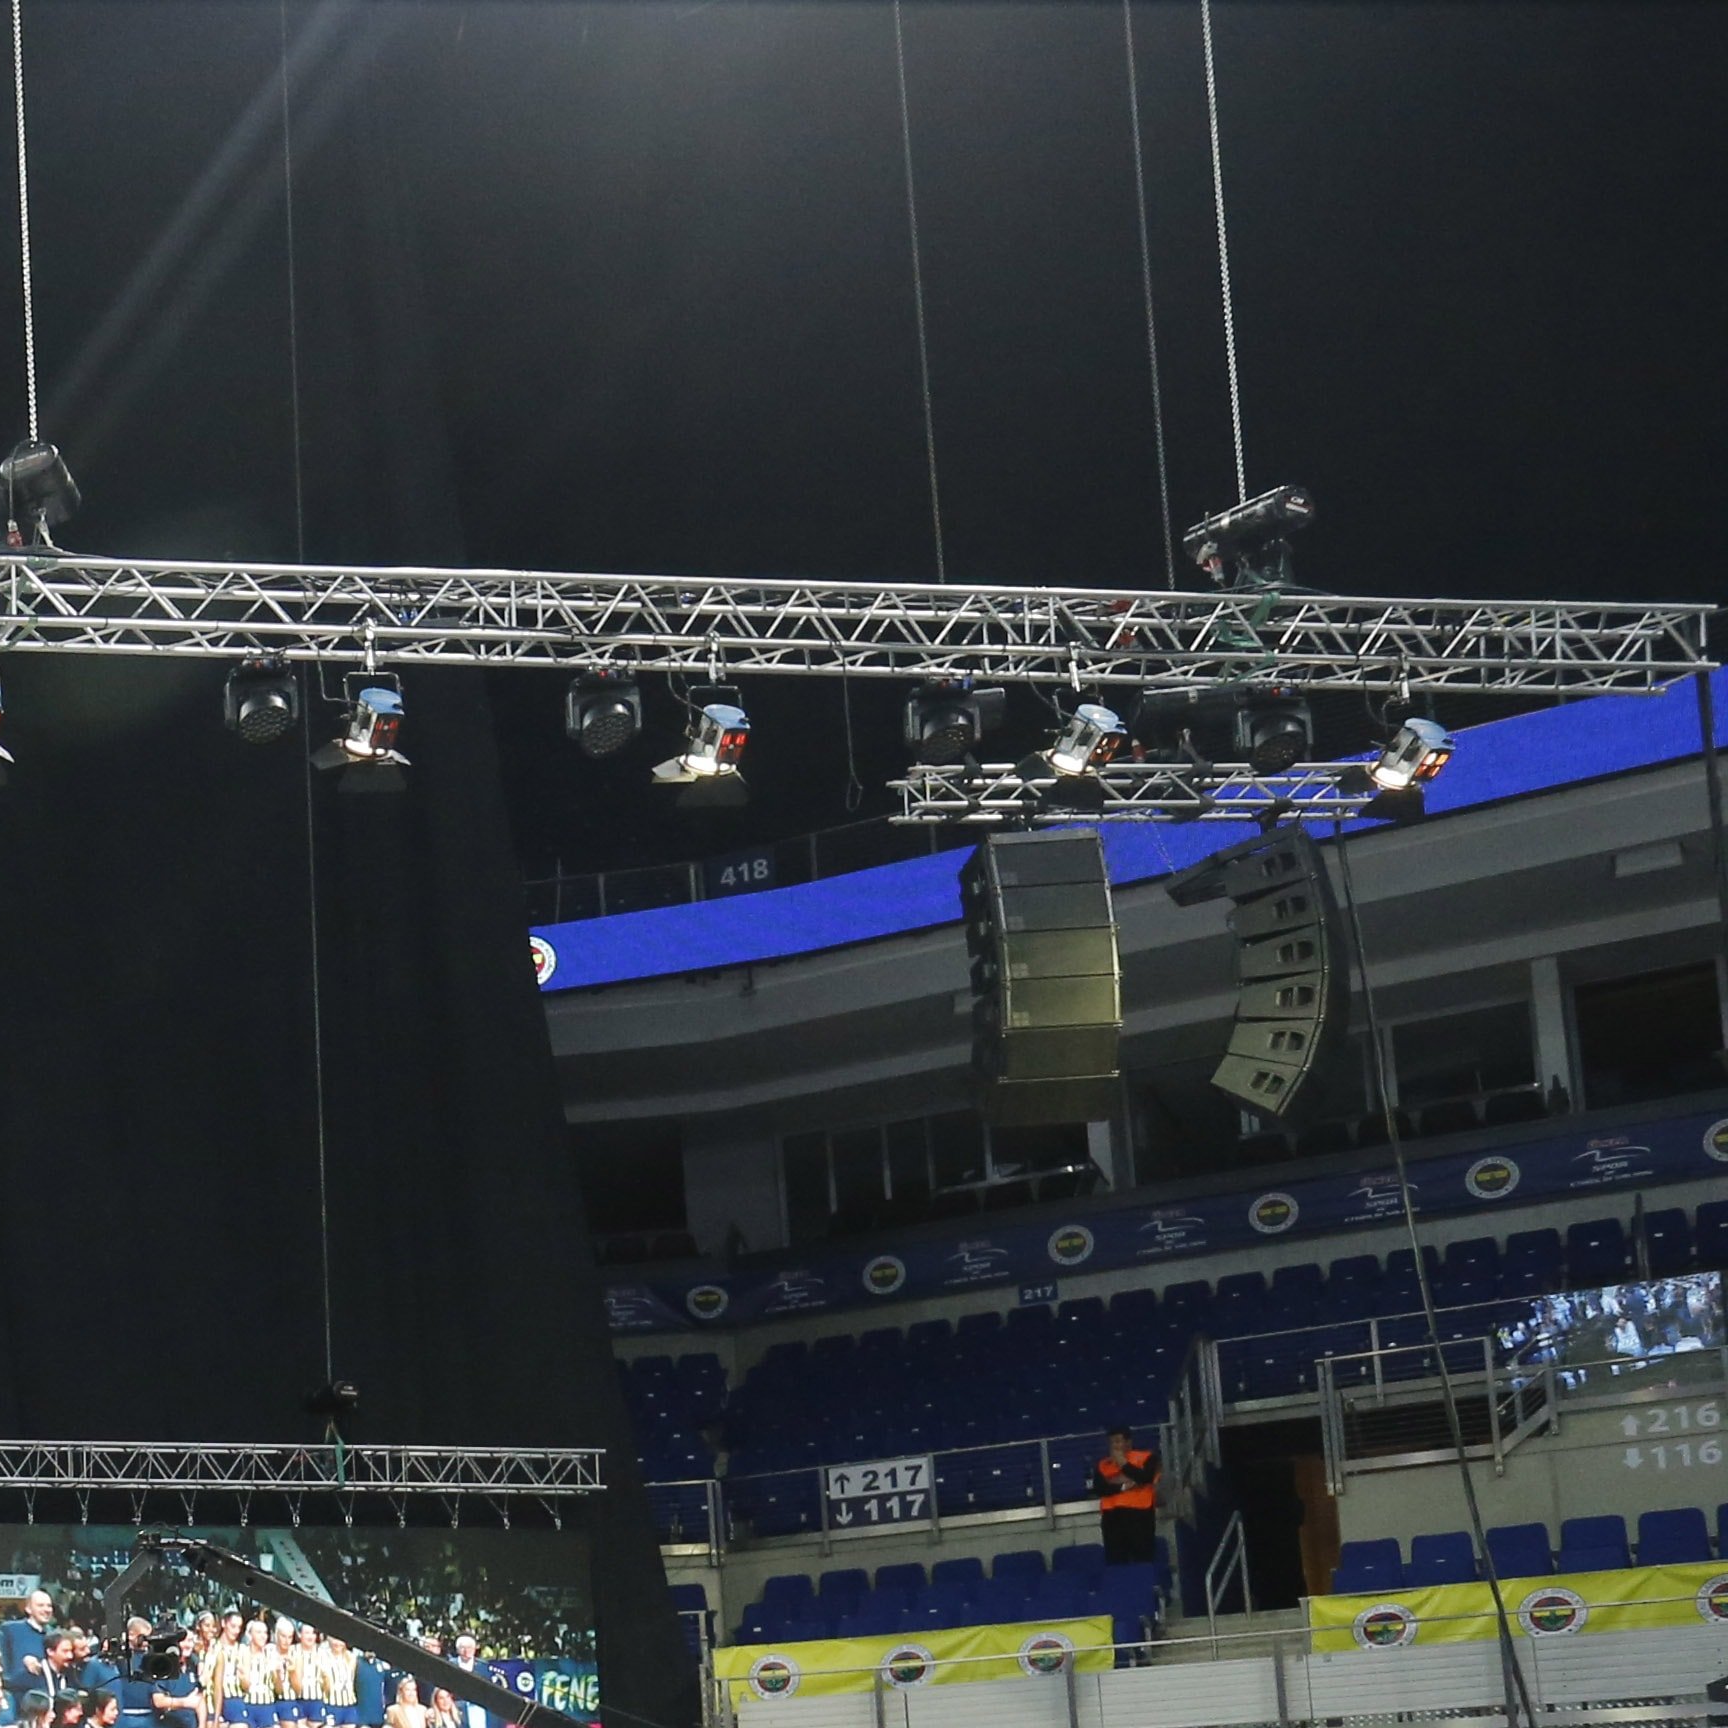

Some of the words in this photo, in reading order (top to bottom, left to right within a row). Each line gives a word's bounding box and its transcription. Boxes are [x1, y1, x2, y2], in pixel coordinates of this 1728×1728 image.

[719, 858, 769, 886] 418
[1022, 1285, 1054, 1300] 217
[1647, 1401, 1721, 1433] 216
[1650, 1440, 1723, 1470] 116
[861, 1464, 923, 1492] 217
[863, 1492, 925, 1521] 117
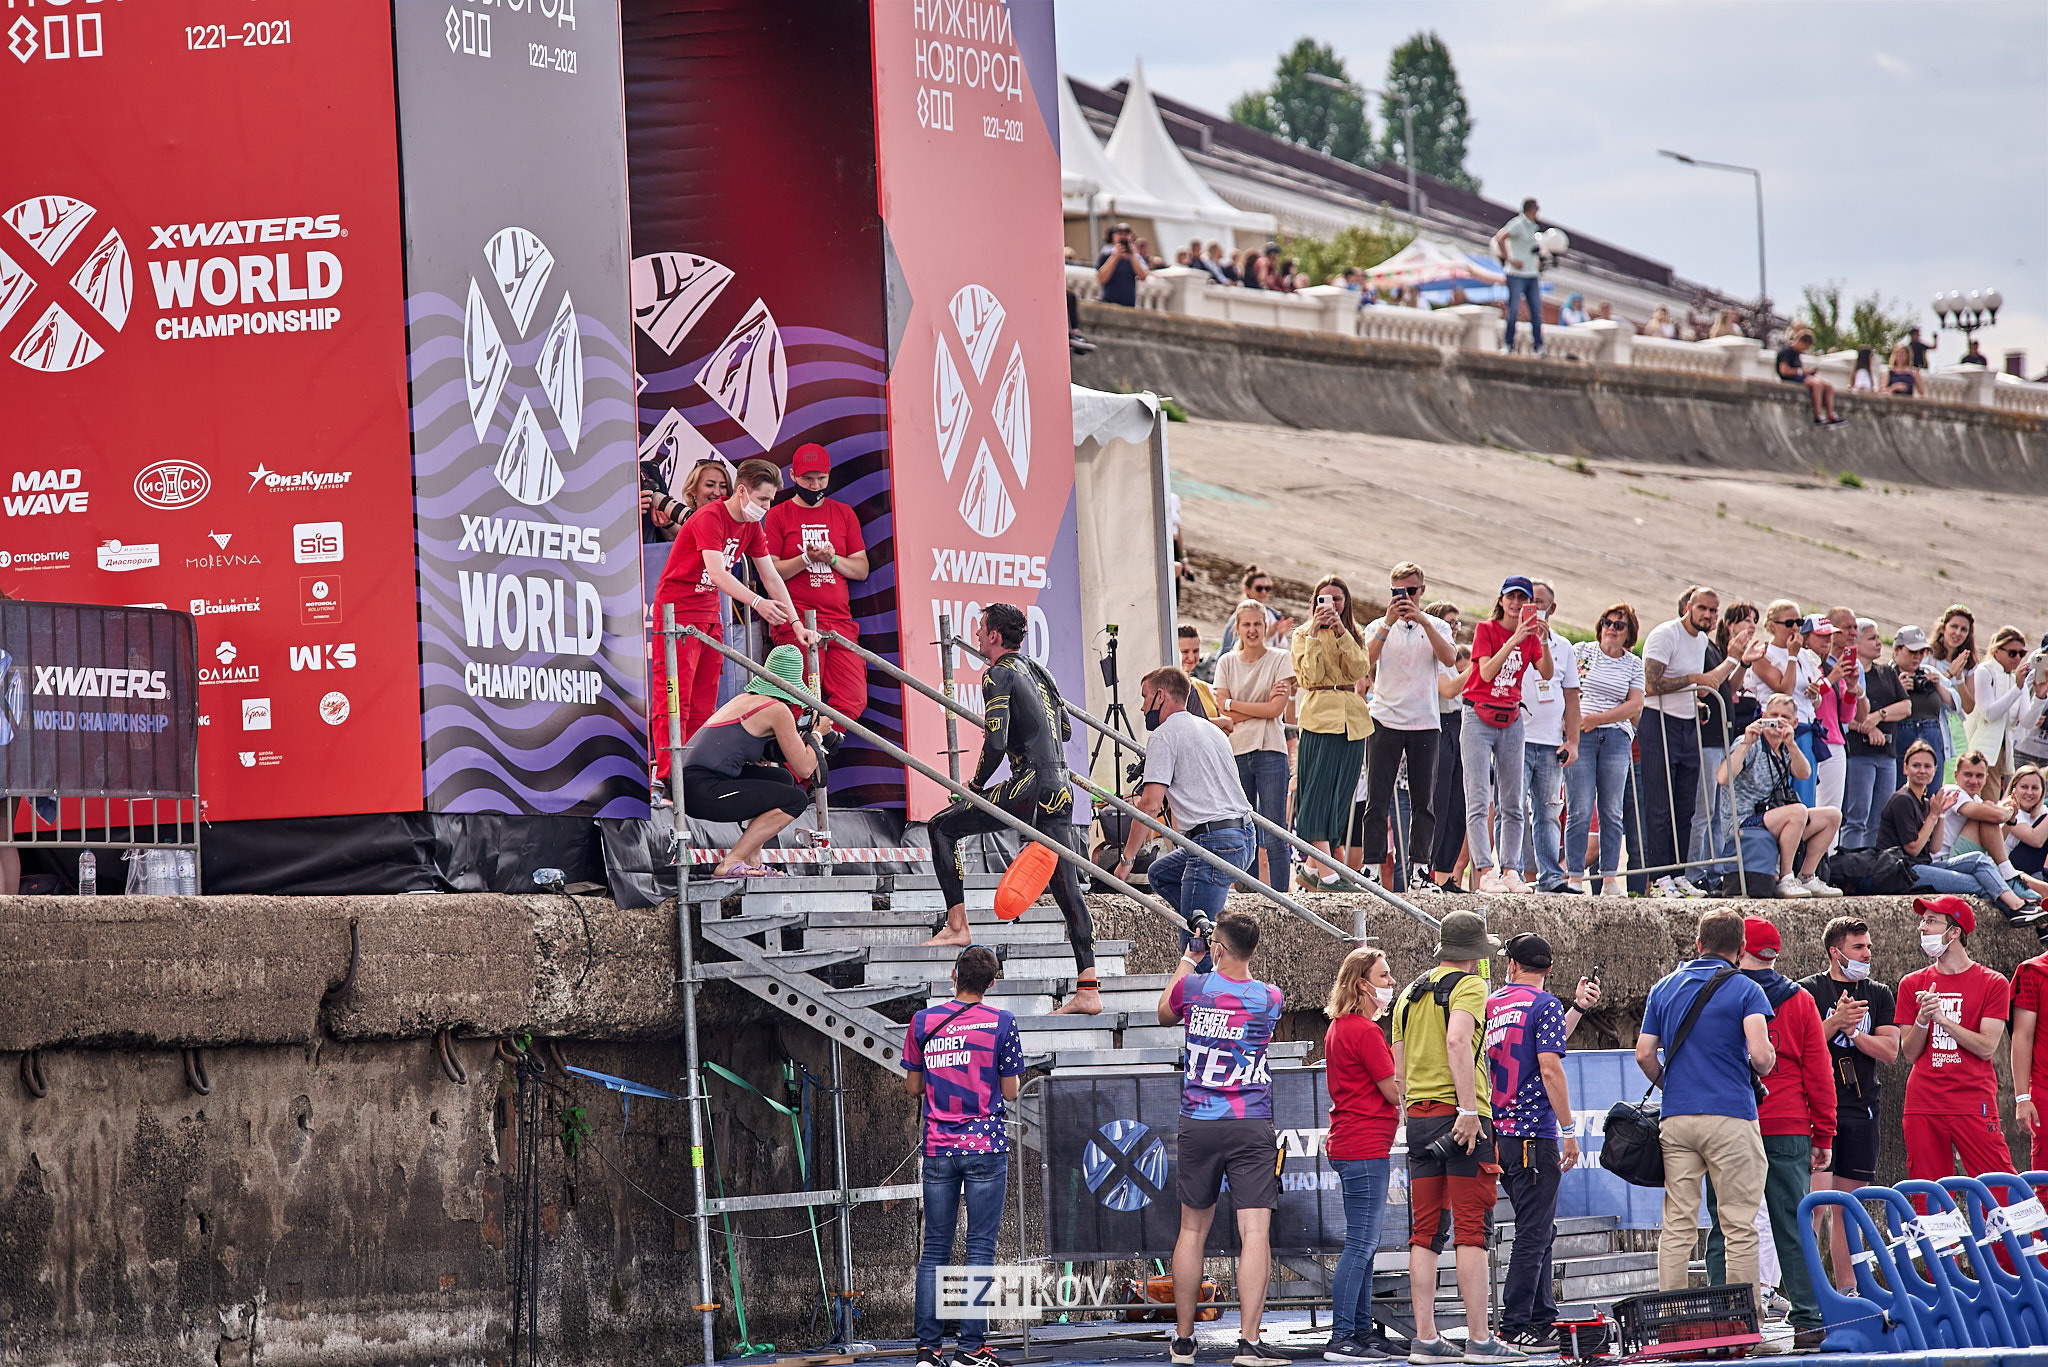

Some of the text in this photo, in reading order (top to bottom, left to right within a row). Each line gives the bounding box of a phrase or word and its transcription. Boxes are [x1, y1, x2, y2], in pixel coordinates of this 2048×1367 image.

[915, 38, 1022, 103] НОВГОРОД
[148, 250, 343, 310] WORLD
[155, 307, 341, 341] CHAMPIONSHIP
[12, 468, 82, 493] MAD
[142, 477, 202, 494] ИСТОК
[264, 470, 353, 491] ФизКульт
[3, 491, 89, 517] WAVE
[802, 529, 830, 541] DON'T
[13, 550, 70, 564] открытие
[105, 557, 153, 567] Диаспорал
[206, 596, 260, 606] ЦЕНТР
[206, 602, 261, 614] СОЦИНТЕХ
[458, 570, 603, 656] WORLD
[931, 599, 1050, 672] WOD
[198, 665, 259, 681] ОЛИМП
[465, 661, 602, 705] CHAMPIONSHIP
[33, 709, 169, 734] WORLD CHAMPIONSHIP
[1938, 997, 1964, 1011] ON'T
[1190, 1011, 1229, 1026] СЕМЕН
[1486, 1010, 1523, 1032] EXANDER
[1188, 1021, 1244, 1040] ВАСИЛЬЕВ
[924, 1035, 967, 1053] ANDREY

══════

What is expected:
Extract every line of the data exactly; pictures stay out.

Response area:
Some of the words in this photo, in reading order (top to bottom, left to right within a row). Each line gives a word's bounding box and its transcription. Boxes are [x1, y1, x2, y2], in pixel coordinates of this 1728×1728 image.

[719, 858, 769, 886] 418
[1022, 1285, 1054, 1300] 217
[1647, 1401, 1721, 1433] 216
[1650, 1440, 1723, 1470] 116
[861, 1464, 923, 1492] 217
[863, 1492, 925, 1521] 117

Some of the text in this photo, in reading order (top to bottom, left to right within a row). Each line gives the bounding box of a phrase or word and its transcription. Boxes are [x1, y1, x2, y2], in pixel coordinates of this 2048×1367 image.

[915, 38, 1022, 103] НОВГОРОД
[148, 250, 343, 310] WORLD
[155, 307, 341, 341] CHAMPIONSHIP
[12, 468, 82, 493] MAD
[142, 477, 202, 494] ИСТОК
[264, 470, 353, 491] ФизКульт
[3, 491, 89, 517] WAVE
[802, 529, 830, 541] DON'T
[13, 550, 70, 564] открытие
[105, 557, 153, 567] Диаспорал
[206, 596, 260, 606] ЦЕНТР
[206, 602, 261, 614] СОЦИНТЕХ
[458, 570, 603, 656] WORLD
[931, 599, 1050, 672] WOD
[198, 665, 259, 681] ОЛИМП
[465, 661, 602, 705] CHAMPIONSHIP
[33, 709, 169, 734] WORLD CHAMPIONSHIP
[1938, 997, 1964, 1011] ON'T
[1190, 1011, 1229, 1026] СЕМЕН
[1486, 1010, 1523, 1032] EXANDER
[1188, 1021, 1244, 1040] ВАСИЛЬЕВ
[924, 1035, 967, 1053] ANDREY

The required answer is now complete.